BZB: Kommen Sie dieser Aufforderung nach?

Kober: Selbstverständlich! Der Vorstand der KZVB hat das Sachverständigen-Gutachten bereits in Auftrag gegeben. Ich bin zuversichtlich, dass die neue Berechnungsmethode der externen Prüfung standhält.

BZB: Können Sie uns diese Berechnungsmethode in einfachen Worten erklären?

Kober: Im Prinzip verhält es sich hier ähnlich wie beim Würfeln mit einem regulären Sechs-Augen-Würfel. Wir haben eine Stichprobe und können beobachten, wie oft jemand gewürfelt hat und welche Augenzahlen gewürfelt wurden. Nun wollen wir wissen, ob der Würfel gezinkt ist. Bei einem fairen Würfel müssten im Mittel 3,5 Augen geworfen werden. Tatsächlich kann ein konkretes Stichprobenmittel natürlich auch bei einem fairen Würfel über 3,5 liegen, rein aus Zufall. Daher ging die Wirtschaftlichkeitsprüfung bislang generell davon aus, dass erst bei einer Überschreitung des Durchschnittes um 50 Prozent, also wenn im Durchschnitt 5,25 Augen gewürfelt werden, ein offensichtliches Missverhältnis vorliegt. Legt man nun die Gesetze der Stochastik zugrunde, so weiß man: Je größer die Stichprobe, desto mehr nähert sich das Stichprobenmittel dem wahren Durchschnitt an – dies besagt das sogenannte Gesetz der Großen Zahlen. Mit dem Standardfehler kann man sogar, unter wenigen Voraussetzungen, exakt berechnen, wie genau man den wahren Mittelwert einer Stichprobe abhängig von der Stichprobengröße bestimmen kann.

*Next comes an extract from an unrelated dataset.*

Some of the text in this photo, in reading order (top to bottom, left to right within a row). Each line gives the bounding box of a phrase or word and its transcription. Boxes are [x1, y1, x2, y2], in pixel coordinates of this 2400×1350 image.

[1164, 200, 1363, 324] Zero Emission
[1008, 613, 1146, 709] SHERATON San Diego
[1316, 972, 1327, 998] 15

BZB: Und wie wird diese Formel in der Wirtschaftlichkeitsprüfung angewandt?

Kober: Nun sagen wir: Für eine Praxis mit durchschnittlicher Größe ist eine Überschreitung des Gesamtfallwertes um 50 Prozent weiterhin in Ordnung, so wie es jahrelang in der Wirtschaftlichkeitsprüfung praktiziert wurde. Für alle anderen Praxen verhält sich dieser Faktor allerdings genauso wie der Standardfehler in der Statistik. Wenn eine Praxis eine dreifach höhere Fallzahl als der Durchschnitt aufweist, so beginnt das offensichtliche Missverhältnis schon bei 28,9 Prozent (siehe Kasten). Dadurch würde einerseits bereits ab diesem Wert die Anscheinsvermutung der Unwirtschaftlichkeit mit der Folge der Beweislastumkehr eintreten, andererseits könnten auch Fallwertüberschreitungen bereits ab diesem Wert einer Kürzung unterliegen.

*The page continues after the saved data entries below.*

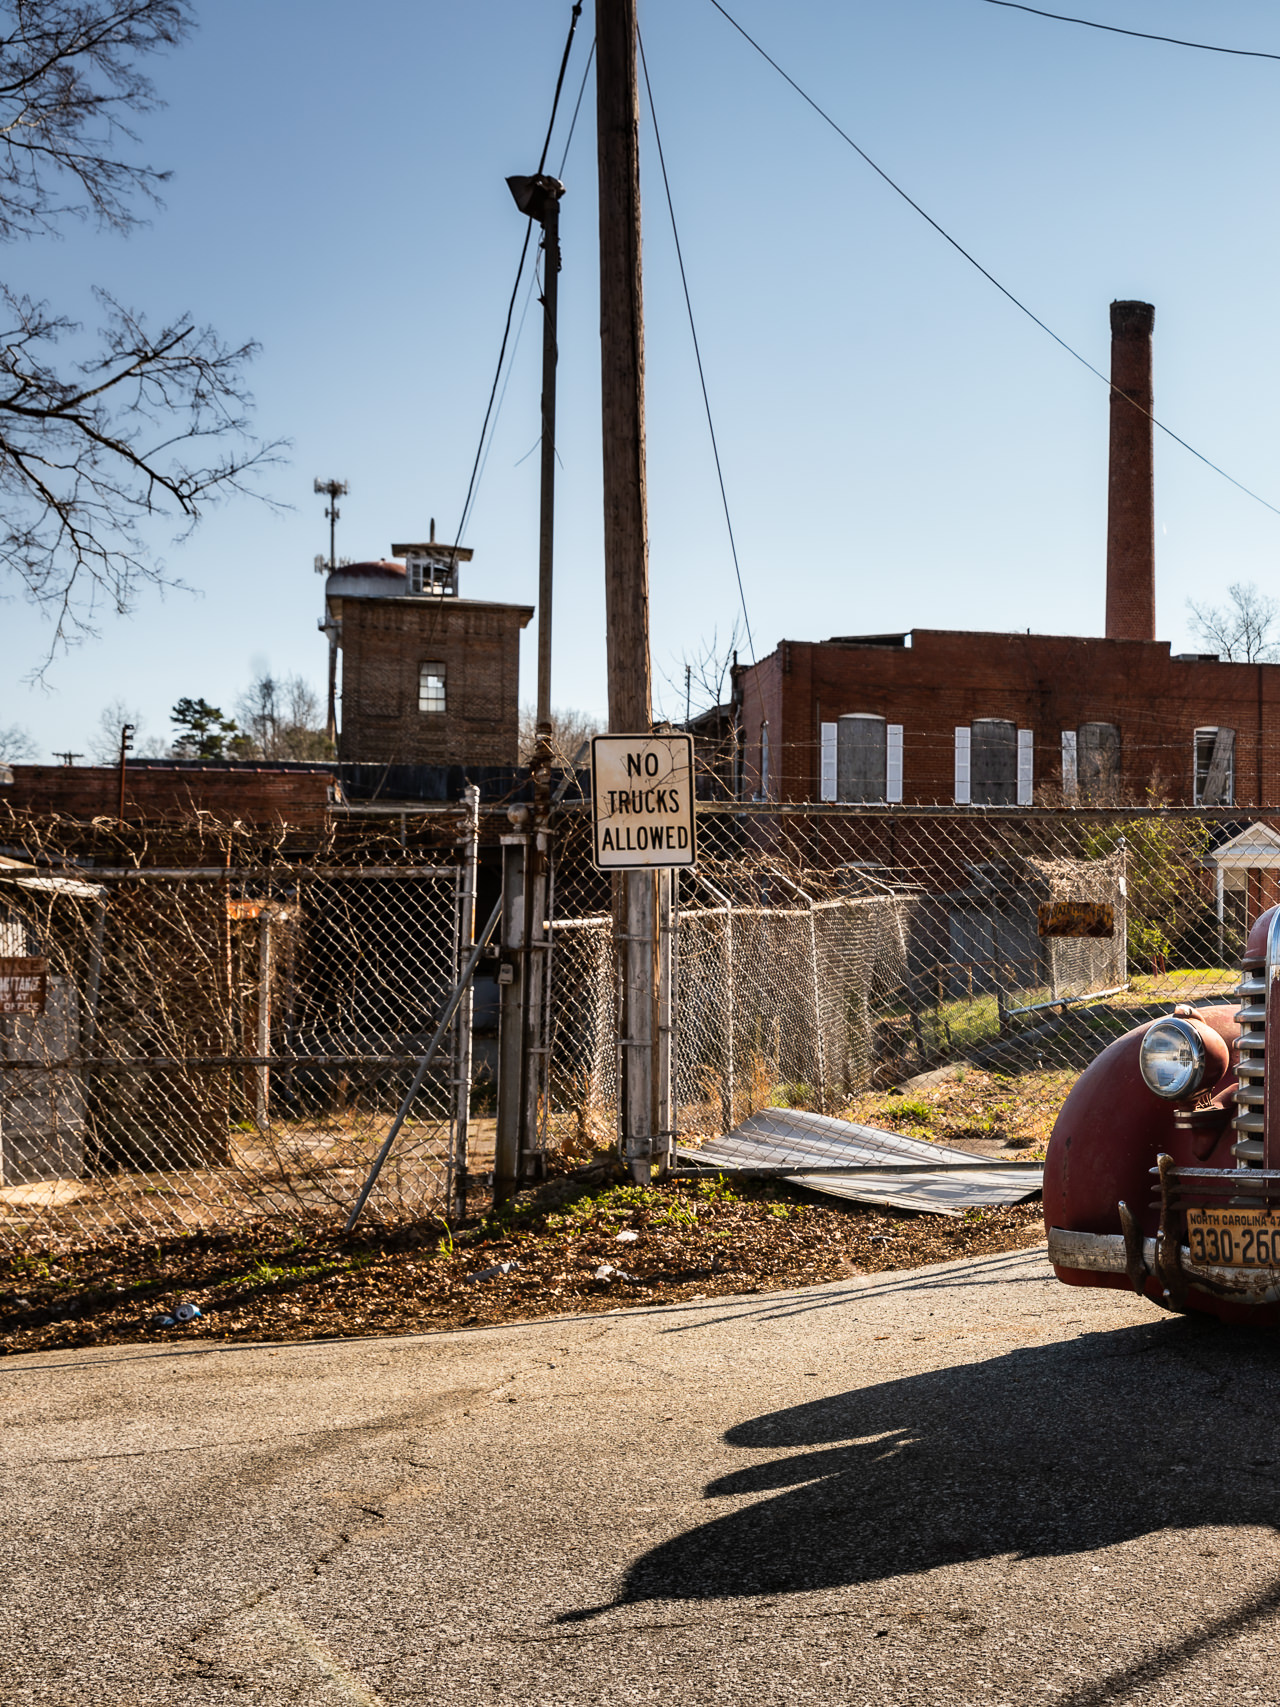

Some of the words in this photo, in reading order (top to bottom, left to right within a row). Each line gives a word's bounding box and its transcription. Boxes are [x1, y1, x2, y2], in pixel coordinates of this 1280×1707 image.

[627, 752, 659, 777] NO
[607, 789, 680, 814] TRUCKS
[602, 826, 688, 851] ALLOWED
[4, 1002, 40, 1010] OFFICE
[16, 993, 29, 1001] AT
[1190, 1213, 1220, 1226] NORTH
[1222, 1214, 1267, 1227] CAROLINA

BZB: Welche Konsequenzen hat diese Formel für die Wirtschaftlichkeitsprüfung?

Kober: Wir erreichen damit zwei Ziele: Die „Großen“, die sich viel aus dem Honorartopf nehmen, kommen häufiger in die Wirtschaftlichkeitsprüfung, die Kleinen seltener und haben dann gleichzeitig die Argumentation einer an ihre individuelle Fallzahl angepassten, erhöhten Überschreitungsgrenze auf ihrer Seite. Oder, wie es das Gericht ausdrückte: „Eine in Relation zur Vergleichsgruppe besonders niedrige Fallzahl kann zur Folge haben, dass einzelne, besonders aufwendige Behandlungsfälle den Fallwert des betroffenen Arztes/Zahnarztes überproportional in die Höhe treiben. In diesem Fall wird die Überlegung anzustellen sein, entweder die Grenze zum offensichtlichen Missverhältnis individuell nach oben anzupassen oder dies im Rahmen der Kürzung auf der Rechtsfolgenseite zu berücksichtigen.“

Das bedeutet konkret: Die Formel muss auch in die andere Richtung wirken. Ist eine Praxis nur halb so groß wie die durchschnittliche Praxis, so darf das offensichtliche Missverhältnis erst bei 70,7 Prozent (siehe Kasten) beginnen.


DER STANDARDFEHLER
Der Standardfehler ist eine Schätzung, wie sehr der Wert einer Teststatistik von Stichprobe zu Stichprobe variiert. Der Standardfehler nimmt mit dem Kehrwert der Quadratwurzel der Stichprobengröße ab. Würfelt man doppelt so oft, so reduziert sich der Standardfehler auf 1⁄√2 = 70,7 %. Liegt das offensichtliche Missverhältnis bei einer durchschnittlichen Praxisgröße bei 50 %, so beginnt es bei einer dreifach höheren Fallzahl schon bei bei (50 %)⁄√3 = 28,9 %. Ist eine Praxis nur halb so groß wie die durchschnittliche Praxis, so darf das offensichtliche Missverhältnis erst bei (50 %)⁄√0,5 = 70,7 % beginnen.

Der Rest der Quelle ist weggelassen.